▸ TASK GOAL
Each line below must be transcribed with no word changed.

+++ DATASET EXCERPTS +++

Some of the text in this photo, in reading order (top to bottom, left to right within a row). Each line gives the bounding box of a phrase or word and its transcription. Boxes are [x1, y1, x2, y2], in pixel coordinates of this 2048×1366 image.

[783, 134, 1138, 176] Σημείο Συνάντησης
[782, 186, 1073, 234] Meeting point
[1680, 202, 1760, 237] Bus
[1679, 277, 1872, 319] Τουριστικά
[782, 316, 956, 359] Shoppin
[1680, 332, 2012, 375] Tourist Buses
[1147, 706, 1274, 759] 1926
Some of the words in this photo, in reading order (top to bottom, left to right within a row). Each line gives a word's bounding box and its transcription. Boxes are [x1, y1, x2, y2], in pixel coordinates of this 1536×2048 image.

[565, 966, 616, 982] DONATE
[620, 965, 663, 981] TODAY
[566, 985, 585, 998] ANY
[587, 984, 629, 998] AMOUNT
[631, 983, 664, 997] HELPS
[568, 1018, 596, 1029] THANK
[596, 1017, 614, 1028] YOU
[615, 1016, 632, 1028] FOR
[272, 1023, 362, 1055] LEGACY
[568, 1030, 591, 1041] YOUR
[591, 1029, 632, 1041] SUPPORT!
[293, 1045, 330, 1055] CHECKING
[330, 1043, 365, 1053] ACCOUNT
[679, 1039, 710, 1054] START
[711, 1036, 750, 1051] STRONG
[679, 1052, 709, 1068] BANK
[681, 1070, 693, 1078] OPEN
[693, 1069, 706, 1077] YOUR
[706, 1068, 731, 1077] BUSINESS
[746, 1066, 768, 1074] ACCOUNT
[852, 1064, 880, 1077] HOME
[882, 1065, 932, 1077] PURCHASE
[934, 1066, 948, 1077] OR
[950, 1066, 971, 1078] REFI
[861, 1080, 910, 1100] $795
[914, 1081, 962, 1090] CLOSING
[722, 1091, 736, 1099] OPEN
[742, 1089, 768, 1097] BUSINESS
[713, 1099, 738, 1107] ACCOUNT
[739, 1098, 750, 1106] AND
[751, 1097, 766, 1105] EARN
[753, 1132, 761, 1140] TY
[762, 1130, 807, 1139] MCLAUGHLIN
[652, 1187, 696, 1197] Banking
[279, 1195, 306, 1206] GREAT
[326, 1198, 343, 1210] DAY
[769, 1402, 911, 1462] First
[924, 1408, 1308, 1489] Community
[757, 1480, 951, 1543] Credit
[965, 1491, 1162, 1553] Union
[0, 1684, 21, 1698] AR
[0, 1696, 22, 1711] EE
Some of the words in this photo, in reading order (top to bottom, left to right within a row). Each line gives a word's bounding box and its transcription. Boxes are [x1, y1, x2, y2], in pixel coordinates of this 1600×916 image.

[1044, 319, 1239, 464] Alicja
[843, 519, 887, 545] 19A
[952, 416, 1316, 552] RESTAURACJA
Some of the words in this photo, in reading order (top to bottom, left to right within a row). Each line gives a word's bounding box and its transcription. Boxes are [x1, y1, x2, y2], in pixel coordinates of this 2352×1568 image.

+++

▸ EXPECTED OUTPUT
Some of the text in this photo, in reading order (top to bottom, left to right within a row). Each line gives the bounding box of a phrase or word and its transcription. Boxes are [x1, y1, x2, y2], in pixel coordinates of this 2048×1366 image.

[783, 134, 1138, 176] Σημείο Συνάντησης
[782, 186, 1073, 234] Meeting point
[1680, 202, 1760, 237] Bus
[1679, 277, 1872, 319] Τουριστικά
[782, 316, 956, 359] Shoppin
[1680, 332, 2012, 375] Tourist Buses
[1147, 706, 1274, 759] 1926
Some of the words in this photo, in reading order (top to bottom, left to right within a row). Each line gives a word's bounding box and its transcription. Boxes are [x1, y1, x2, y2], in pixel coordinates of this 1536×2048 image.

[565, 966, 616, 982] DONATE
[620, 965, 663, 981] TODAY
[566, 985, 585, 998] ANY
[587, 984, 629, 998] AMOUNT
[631, 983, 664, 997] HELPS
[568, 1018, 596, 1029] THANK
[596, 1017, 614, 1028] YOU
[615, 1016, 632, 1028] FOR
[272, 1023, 362, 1055] LEGACY
[568, 1030, 591, 1041] YOUR
[591, 1029, 632, 1041] SUPPORT!
[293, 1045, 330, 1055] CHECKING
[330, 1043, 365, 1053] ACCOUNT
[679, 1039, 710, 1054] START
[711, 1036, 750, 1051] STRONG
[679, 1052, 709, 1068] BANK
[681, 1070, 693, 1078] OPEN
[693, 1069, 706, 1077] YOUR
[706, 1068, 731, 1077] BUSINESS
[746, 1066, 768, 1074] ACCOUNT
[852, 1064, 880, 1077] HOME
[882, 1065, 932, 1077] PURCHASE
[934, 1066, 948, 1077] OR
[950, 1066, 971, 1078] REFI
[861, 1080, 910, 1100] $795
[914, 1081, 962, 1090] CLOSING
[722, 1091, 736, 1099] OPEN
[742, 1089, 768, 1097] BUSINESS
[713, 1099, 738, 1107] ACCOUNT
[739, 1098, 750, 1106] AND
[751, 1097, 766, 1105] EARN
[753, 1132, 761, 1140] TY
[762, 1130, 807, 1139] MCLAUGHLIN
[652, 1187, 696, 1197] Banking
[279, 1195, 306, 1206] GREAT
[326, 1198, 343, 1210] DAY
[769, 1402, 911, 1462] First
[924, 1408, 1308, 1489] Community
[757, 1480, 951, 1543] Credit
[965, 1491, 1162, 1553] Union
[0, 1684, 21, 1698] AR
[0, 1696, 22, 1711] EE
Some of the words in this photo, in reading order (top to bottom, left to right within a row). Each line gives a word's bounding box and its transcription. Boxes are [x1, y1, x2, y2], in pixel coordinates of this 1600×916 image.

[1044, 319, 1239, 464] Alicja
[843, 519, 887, 545] 19A
[952, 416, 1316, 552] RESTAURACJA
Some of the words in this photo, in reading order (top to bottom, left to right within a row). Each line gives a word's bounding box and its transcription. Boxes are [x1, y1, x2, y2], in pixel coordinates of this 2352×1568 image.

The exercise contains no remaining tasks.